Introduction to using Arbiter for hyperparameter optimization.

Hyperparameter Optimization

Machine learning techniques have a set of parameters that have to be chosen before any training can begin. These parameters are referred to as hyperparameters. Some examples of hyperparameters are ‘k’ in k-nearest-neighbors and the regularization parameter in Support Vector Machines. Neural Networks, in particular, have a wide variety of hyperparameters. Some of these define the architecture of the neural network like the number of layers and their size. Other define the learning process like the learning rate and regularization.

Traditionally these choices are made based on existing rules of thumb or after extensive trial and error, both of which are less than ideal. Undoubtedly the choice of these parameters can have a significant impact on the results obtained after learning. Hyperparameter optimization attempts to automate this process using software that applies search strategies.

Arbiter

Arbiter is part of the DL4J Suite of Machine Learning/Deep Learning tools for the enterprise. It is dedicated to the hyperparameter optimization of neural networks created or imported into dl4j. It allows users to set up search spaces for the hyperparameters and run either grid search or random search to select the best configuration based on a given scoring metric.

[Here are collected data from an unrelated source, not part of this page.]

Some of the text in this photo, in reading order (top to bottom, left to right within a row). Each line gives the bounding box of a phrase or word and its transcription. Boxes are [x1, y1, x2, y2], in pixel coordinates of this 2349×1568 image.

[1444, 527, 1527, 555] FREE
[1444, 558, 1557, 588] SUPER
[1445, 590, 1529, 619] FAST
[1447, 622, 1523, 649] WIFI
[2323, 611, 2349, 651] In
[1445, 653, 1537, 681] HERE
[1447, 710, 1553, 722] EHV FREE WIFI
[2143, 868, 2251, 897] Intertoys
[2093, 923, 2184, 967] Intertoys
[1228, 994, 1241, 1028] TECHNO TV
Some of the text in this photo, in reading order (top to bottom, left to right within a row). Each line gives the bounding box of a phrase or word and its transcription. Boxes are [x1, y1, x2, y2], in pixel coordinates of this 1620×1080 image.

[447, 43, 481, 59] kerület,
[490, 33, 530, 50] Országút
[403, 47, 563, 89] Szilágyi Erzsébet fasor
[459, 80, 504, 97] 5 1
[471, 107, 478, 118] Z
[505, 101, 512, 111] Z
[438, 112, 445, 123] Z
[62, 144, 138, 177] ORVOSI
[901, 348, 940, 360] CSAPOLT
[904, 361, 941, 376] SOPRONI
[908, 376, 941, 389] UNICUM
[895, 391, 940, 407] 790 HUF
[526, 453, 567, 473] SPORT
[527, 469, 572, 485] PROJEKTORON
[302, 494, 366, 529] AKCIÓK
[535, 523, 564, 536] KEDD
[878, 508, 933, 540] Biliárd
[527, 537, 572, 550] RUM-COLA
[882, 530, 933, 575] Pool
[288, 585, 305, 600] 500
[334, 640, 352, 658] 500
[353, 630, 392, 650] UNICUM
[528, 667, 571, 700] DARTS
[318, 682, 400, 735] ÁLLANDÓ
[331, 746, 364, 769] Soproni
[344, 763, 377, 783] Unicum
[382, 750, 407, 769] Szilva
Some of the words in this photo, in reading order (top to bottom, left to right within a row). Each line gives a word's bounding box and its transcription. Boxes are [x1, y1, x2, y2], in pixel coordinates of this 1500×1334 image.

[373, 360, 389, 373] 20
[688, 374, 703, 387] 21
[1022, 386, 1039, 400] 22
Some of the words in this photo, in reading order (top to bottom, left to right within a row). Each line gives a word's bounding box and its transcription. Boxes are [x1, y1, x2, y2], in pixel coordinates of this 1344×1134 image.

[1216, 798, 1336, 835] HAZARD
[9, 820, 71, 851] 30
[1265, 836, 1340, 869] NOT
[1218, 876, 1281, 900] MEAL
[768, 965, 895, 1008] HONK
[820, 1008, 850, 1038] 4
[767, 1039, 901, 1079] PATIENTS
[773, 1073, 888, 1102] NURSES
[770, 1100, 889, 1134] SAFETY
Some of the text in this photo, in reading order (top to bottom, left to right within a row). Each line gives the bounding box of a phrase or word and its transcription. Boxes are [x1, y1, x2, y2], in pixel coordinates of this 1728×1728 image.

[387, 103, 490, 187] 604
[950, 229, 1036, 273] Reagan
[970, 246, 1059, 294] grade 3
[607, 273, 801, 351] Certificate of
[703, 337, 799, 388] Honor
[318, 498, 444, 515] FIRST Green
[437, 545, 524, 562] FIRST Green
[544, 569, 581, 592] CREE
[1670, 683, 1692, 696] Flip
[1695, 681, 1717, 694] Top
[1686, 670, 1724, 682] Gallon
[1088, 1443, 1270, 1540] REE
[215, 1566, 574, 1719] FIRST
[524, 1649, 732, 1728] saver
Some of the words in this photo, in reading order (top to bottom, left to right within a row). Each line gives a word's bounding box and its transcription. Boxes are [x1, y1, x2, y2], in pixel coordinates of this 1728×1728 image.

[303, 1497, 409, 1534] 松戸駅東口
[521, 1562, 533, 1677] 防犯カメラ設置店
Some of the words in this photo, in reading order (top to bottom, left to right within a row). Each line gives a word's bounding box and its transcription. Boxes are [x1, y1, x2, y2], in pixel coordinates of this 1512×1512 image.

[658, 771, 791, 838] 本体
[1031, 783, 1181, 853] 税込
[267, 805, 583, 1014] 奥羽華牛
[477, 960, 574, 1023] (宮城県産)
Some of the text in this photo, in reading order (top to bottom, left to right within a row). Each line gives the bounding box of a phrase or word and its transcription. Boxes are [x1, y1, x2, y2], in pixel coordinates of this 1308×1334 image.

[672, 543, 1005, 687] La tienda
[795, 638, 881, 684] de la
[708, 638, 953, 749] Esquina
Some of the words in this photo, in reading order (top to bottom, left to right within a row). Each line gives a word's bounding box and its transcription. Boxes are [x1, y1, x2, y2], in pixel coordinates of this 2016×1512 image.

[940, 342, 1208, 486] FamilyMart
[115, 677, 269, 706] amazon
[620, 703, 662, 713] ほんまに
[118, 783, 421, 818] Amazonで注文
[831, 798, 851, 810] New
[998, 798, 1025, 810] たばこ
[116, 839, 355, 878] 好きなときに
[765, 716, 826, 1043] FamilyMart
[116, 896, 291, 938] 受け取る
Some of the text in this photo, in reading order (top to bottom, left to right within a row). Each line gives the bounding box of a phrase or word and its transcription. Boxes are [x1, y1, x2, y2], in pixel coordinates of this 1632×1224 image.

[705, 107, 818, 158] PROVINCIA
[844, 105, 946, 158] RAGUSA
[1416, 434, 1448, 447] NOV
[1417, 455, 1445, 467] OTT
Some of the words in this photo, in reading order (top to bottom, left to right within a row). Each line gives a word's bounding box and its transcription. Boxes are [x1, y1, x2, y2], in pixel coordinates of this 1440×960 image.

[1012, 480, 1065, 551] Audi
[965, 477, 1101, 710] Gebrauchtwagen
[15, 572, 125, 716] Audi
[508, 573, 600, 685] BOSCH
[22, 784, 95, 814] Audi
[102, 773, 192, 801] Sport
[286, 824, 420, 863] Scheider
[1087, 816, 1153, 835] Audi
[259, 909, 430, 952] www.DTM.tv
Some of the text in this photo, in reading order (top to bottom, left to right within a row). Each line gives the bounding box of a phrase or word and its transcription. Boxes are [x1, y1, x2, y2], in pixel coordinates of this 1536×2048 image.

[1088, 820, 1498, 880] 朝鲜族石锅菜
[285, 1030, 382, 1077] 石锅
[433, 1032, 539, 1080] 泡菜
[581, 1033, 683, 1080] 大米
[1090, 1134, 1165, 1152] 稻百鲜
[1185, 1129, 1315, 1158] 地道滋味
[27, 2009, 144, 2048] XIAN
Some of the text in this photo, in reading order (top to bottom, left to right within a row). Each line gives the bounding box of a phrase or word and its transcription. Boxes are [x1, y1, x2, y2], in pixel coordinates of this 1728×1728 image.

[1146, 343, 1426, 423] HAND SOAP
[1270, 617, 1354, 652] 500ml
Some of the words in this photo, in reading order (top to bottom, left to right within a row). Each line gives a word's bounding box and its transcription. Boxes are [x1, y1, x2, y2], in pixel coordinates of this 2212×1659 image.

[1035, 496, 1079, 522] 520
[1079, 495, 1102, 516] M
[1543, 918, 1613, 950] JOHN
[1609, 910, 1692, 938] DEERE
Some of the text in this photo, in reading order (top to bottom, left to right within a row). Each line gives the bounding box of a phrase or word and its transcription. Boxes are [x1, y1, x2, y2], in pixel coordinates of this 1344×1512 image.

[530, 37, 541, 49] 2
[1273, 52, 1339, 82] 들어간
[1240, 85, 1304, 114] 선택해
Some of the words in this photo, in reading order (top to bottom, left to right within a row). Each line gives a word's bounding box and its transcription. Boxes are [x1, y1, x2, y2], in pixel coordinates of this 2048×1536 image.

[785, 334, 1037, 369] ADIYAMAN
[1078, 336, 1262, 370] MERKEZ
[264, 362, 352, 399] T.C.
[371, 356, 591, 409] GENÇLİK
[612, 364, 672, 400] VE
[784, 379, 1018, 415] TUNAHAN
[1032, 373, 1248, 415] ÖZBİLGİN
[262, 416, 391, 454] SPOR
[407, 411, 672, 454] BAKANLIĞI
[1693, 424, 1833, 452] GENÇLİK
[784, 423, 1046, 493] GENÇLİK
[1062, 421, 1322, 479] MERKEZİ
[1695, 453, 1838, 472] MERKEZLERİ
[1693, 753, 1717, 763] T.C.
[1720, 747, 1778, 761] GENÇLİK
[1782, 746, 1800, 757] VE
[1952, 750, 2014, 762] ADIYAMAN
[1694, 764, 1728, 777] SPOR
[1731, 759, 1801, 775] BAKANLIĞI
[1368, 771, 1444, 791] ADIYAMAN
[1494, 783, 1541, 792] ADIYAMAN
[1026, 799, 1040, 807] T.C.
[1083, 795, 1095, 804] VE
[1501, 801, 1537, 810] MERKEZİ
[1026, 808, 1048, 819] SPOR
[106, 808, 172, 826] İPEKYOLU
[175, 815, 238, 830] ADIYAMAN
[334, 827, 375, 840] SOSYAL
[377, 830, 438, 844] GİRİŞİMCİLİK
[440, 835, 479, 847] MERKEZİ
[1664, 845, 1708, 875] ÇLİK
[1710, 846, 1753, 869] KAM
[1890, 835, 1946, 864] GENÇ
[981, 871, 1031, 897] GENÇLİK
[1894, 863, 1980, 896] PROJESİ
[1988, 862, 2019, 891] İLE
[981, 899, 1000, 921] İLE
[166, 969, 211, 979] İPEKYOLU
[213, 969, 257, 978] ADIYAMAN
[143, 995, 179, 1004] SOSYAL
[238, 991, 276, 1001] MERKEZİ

When to use Arbiter? Arbiter can be used to find good performing models, potentially saving you time tuning your model's hyperparameters, at the expense of greater computational time. Note however that Arbiter doesn't completely automate the neural network tuning process, the user still needs to specify a search space. This search space defines the range of valid values for each hyperparameter (example: minimum and maximum allowable learning rate). If this search space is chosen poorly, Arbiter may not be able to find any good models.

Add the following to your pom.xml to include Arbiter in your project where 1.0.0-beta6 is the latest release of the dl4j stack.

<!-- Arbiter - used for hyperparameter optimization (grid/random search) -->
<dependency>
    <groupId>org.deeplearning4j</groupId>
    <artifactId>arbiter-deeplearning4j</artifactId>
    <version>1.0.0-beta6</version>
</dependency>
<dependency>
    <groupId>org.deeplearning4j</groupId>
    <artifactId>arbiter-ui</artifactId>
    <version>1.0.0-beta6</version>
</dependency>

Arbiter also comes with a handy UI that helps visualize the results from the optimizations runs.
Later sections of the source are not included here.